» **HOW TO COMPLETE THIS TASK**:
Would you please transcribe the data in full and exactly, excluding images?

Referring expression grounding data
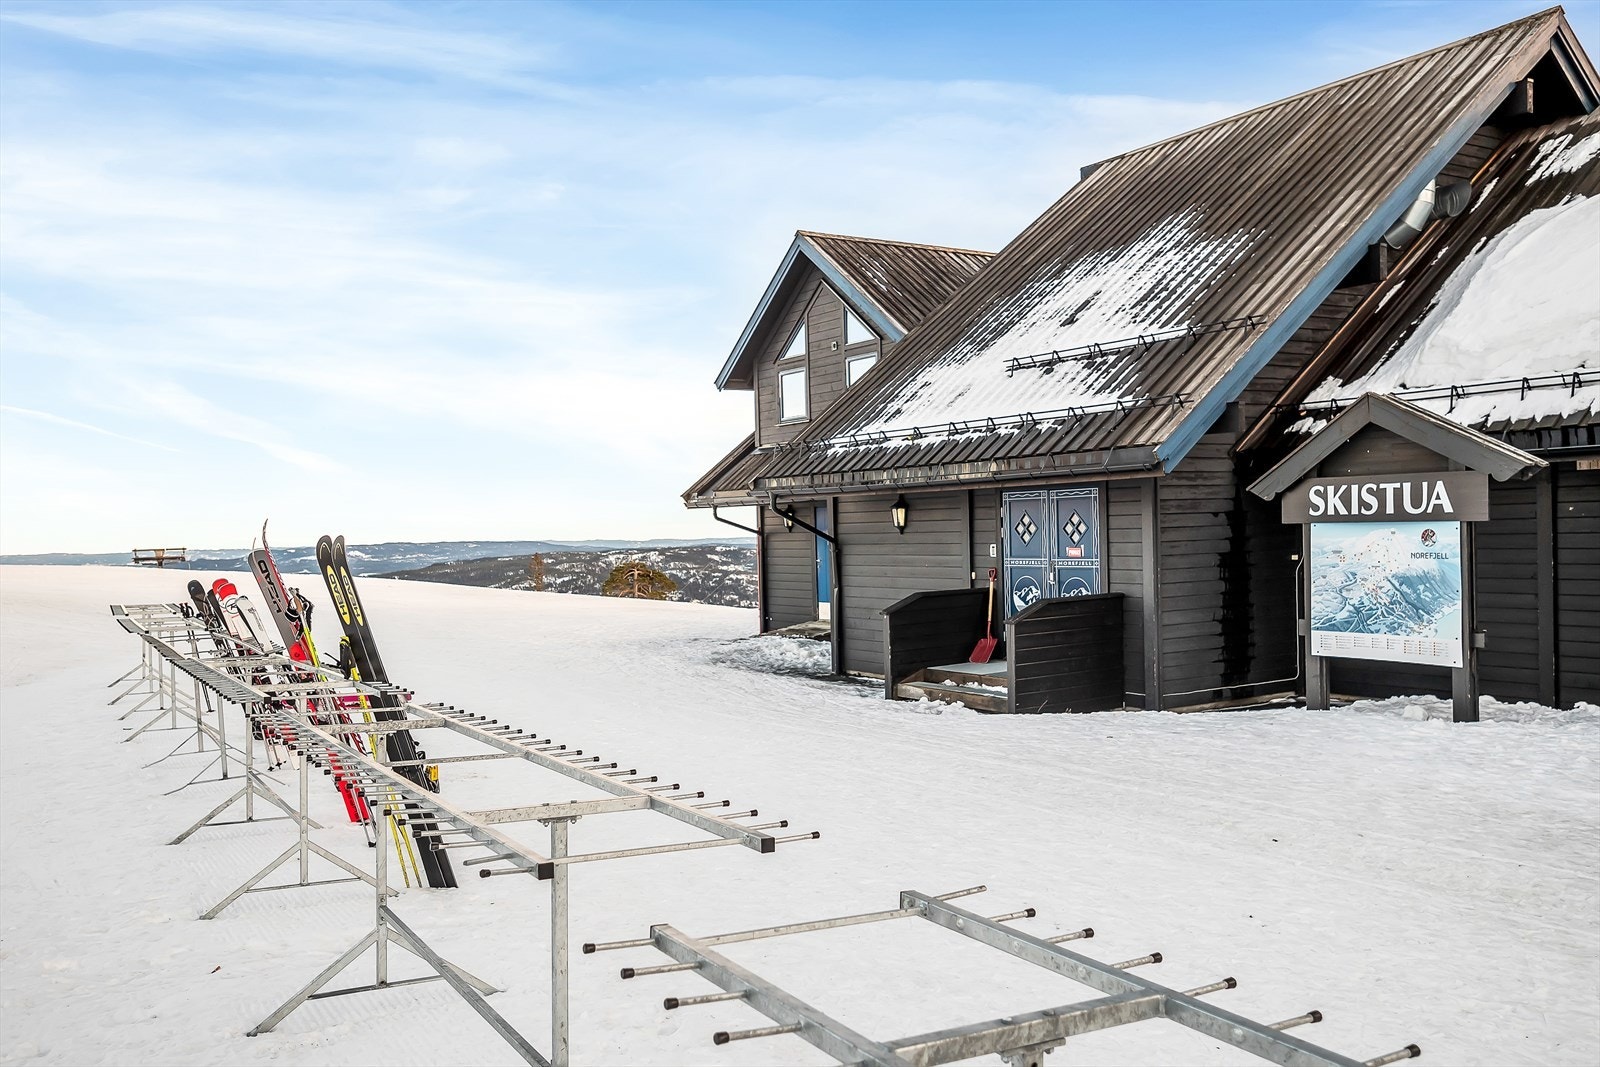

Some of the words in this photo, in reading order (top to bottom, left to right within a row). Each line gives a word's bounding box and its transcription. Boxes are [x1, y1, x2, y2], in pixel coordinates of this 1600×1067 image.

[1308, 480, 1454, 516] SKISTUA
[1410, 552, 1449, 560] NOREFJELL
[258, 560, 282, 613] HEAD
[329, 573, 347, 616] HEAD
[343, 575, 361, 618] HEAD

» **WRITTEN REPLY**:
Some of the words in this photo, in reading order (top to bottom, left to right within a row). Each line gives a word's bounding box and its transcription. Boxes are [x1, y1, x2, y2], in pixel coordinates of this 1600×1067 image.

[1308, 480, 1454, 516] SKISTUA
[1410, 552, 1449, 560] NOREFJELL
[258, 560, 282, 613] HEAD
[329, 573, 347, 616] HEAD
[343, 575, 361, 618] HEAD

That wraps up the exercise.